Paraldehyde: CNS Depressants may enhance the CNS depressant effect of Paraldehyde. Avoid combination

Perampanel: May enhance the CNS depressant effect of CNS Depressants. Management: Patients taking perampanel with any other drug that has CNS depressant activities should avoid complex and high-risk activities, particularly those such as driving that require alertness and coordination, until they have experience using the combination. Consider therapy modification

Piribedil [INT]: CNS Depressants may enhance the CNS depressant effect of Piribedil [INT]. Monitor therapy

Pramipexole: CNS Depressants may enhance the sedative effect of Pramipexole. Monitor therapy

Propofol: Midazolam may increase the serum concentration of Propofol. Propofol may increase the serum concentration of Midazolam. Monitor therapy

Protease Inhibitors: May increase the serum concentration of Midazolam. Management: Oral midazolam contraindicated with all protease inhibitors. IV midazolam contraindicated with fosamprenavir and nelfinavir; other protease inhibitors recommend caution, close monitoring, and consideration of lower IV midazolam doses with concurrent use. Avoid combination

ROPINIRole: CNS Depressants may enhance the sedative effect of ROPINIRole. Monitor therapy

Rotigotine: CNS Depressants may enhance the sedative effect of Rotigotine. Monitor therapy

Roxithromycin: May increase the serum concentration of Midazolam. Monitor therapy

Rufinamide: May enhance the adverse/toxic effect of CNS Depressants. Specifically, sleepiness and dizziness may be enhanced. Monitor therapy

Selective Serotonin Reuptake Inhibitors: CNS Depressants may enhance the adverse/toxic effect of Selective Serotonin Reuptake Inhibitors. Specifically, the risk of psychomotor impairment may be enhanced. Monitor therapy

Siltuximab: May decrease the serum concentration of CYP3A4 Substrates. Monitor therapy

Simeprevir: May increase the serum concentration of Midazolam. Monitor therapy

Sodium Oxybate: Benzodiazepines may enhance the CNS depressant effect of Sodium Oxybate. Avoid combination

St John's Wort: May decrease the serum concentration of CYP3A4 Substrates. Management: Consider an alternative for one of the interacting drugs.

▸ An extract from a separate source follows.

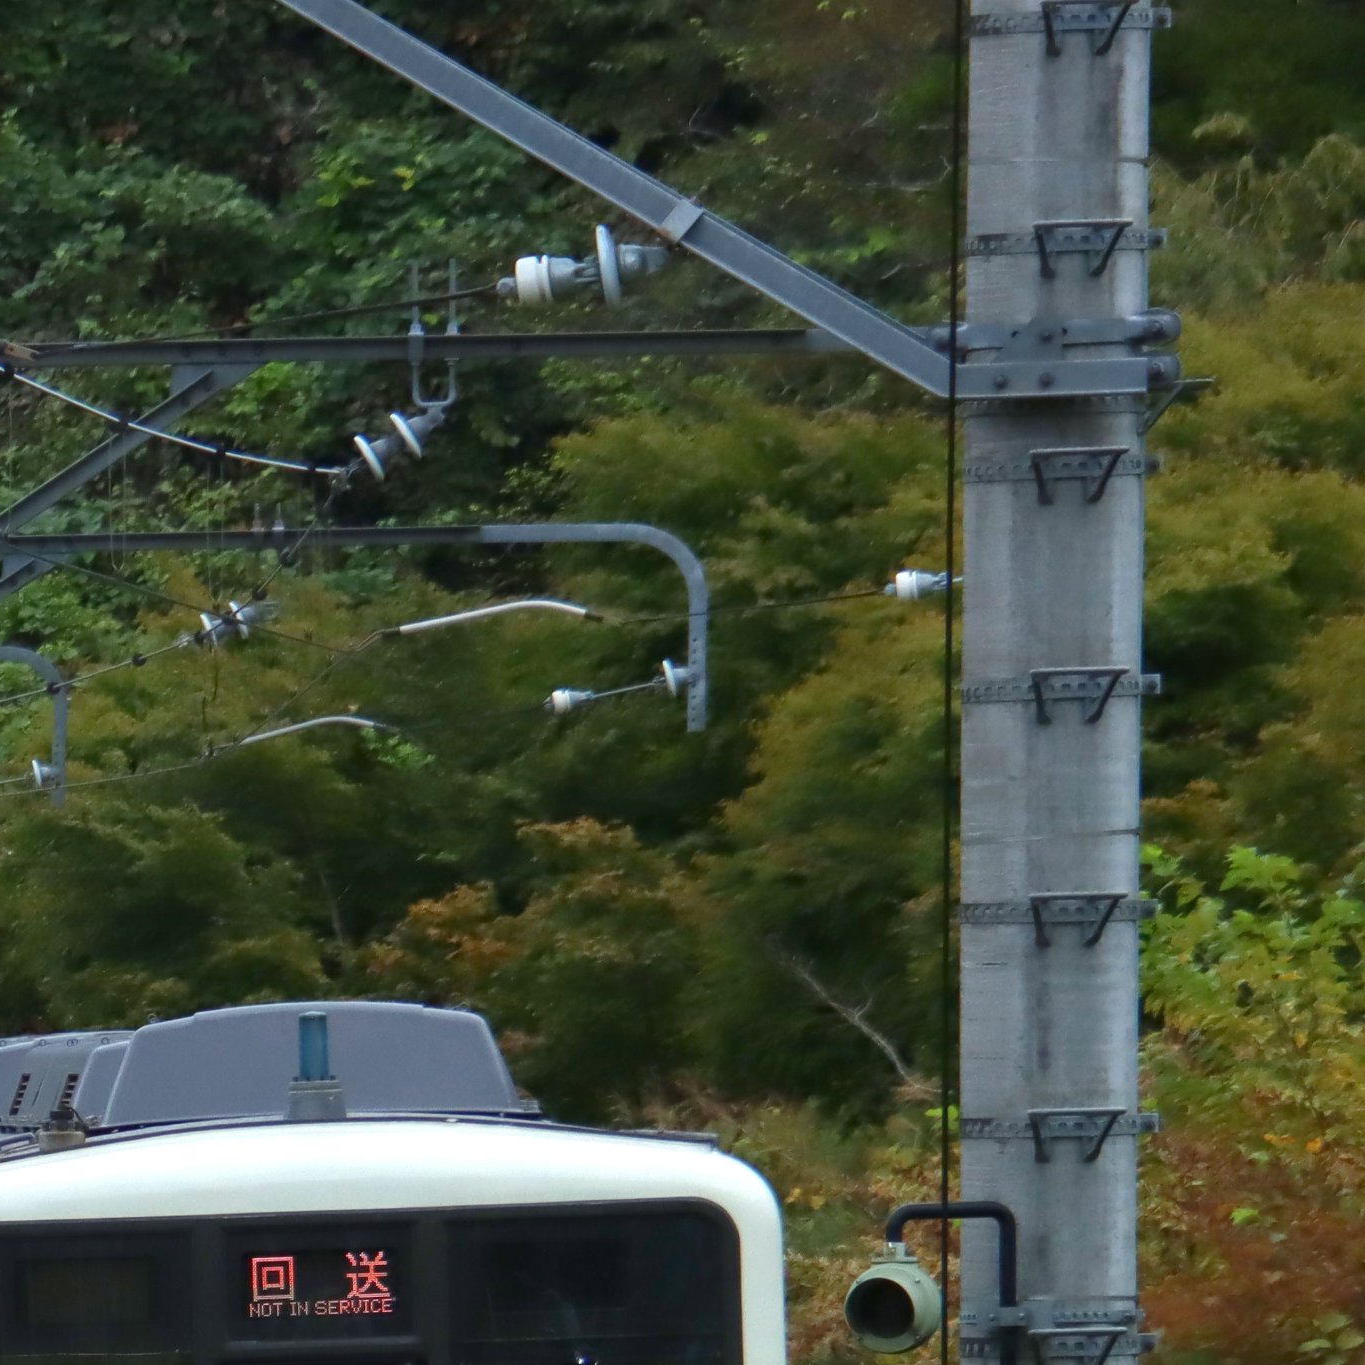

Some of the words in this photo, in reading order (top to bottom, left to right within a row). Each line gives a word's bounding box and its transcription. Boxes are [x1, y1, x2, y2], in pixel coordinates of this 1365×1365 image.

Some combinations may be specifically contraindicated. Consult appropriate manufacturer labeling. Consider therapy modification

Stiripentol: May increase the serum concentration of CYP3A4 Substrates. Management: Use of stiripentol with CYP3A4 substrates that are considered to have a narrow therapeutic index should be avoided due to the increased risk for adverse effects and toxicity. Any CYP3A4 substrate used with stiripentol requires closer monitoring. Consider therapy modification

Suvorexant: CNS Depressants may enhance the CNS depressant effect of Suvorexant. Management: Dose reduction of suvorexant and/or any other CNS depressant may be necessary. Use of suvorexant with alcohol is not recommended, and the use of suvorexant with any other drug to treat insomnia is not recommended. Consider therapy modification

Tapentadol: May enhance the CNS depressant effect of CNS Depressants. Management: Avoid concomitant use of tapentadol and benzodiazepines or other CNS depressants when possible. These agents should only be combined if alternative treatment options are inadequate. If combined, limit the dosages and duration of each drug. Consider therapy modification

Teduglutide: May increase the serum concentration of Benzodiazepines. Monitor therapy

Telaprevir: May increase the serum concentration of Midazolam. Management: Use of oral midazolam with telaprevir is contraindicated. IV midazolam use may pose a lower risk, but dose reductions should be considered and patients should be monitored closely for signs/symptoms of toxicity. Avoid combination

Tetrahydrocannabinol: May enhance the CNS depressant effect of CNS Depressants. Monitor therapy

Thalidomide: CNS Depressants may enhance the CNS depressant effect of Thalidomide. Avoid combination

Theophylline Derivatives: May diminish the therapeutic effect of Benzodiazepines. Consider therapy modification

Tocilizumab: May decrease the serum concentration of CYP3A4 Substrates. Monitor therapy

Tofisopam: May increase the serum concentration of Midazolam. Monitor therapy

Trimeprazine: May enhance the CNS depressant effect of CNS Depressants. Monitor therapy

Yohimbine: May diminish the therapeutic effect of Antianxiety Agents. Monitor therapy

Zolpidem: CNS Depressants may enhance the CNS depressant effect of Zolpidem. Management: Reduce the Intermezzo brand sublingual zolpidem adult dose to 1.75 mg for men who are also receiving other CNS depressants. No such dose change is recommended for women. Avoid use with other CNS depressants at bedtime; avoid use with alcohol. Consider therapy modification

Adverse Reactions

As reported in adults unless otherwise noted:

>10%: Respiratory: Decreased tidal volume and/or respiratory rate decrease, apnea (3% children)

1% to 10%:

Cardiovascular: Hypotension (3% children)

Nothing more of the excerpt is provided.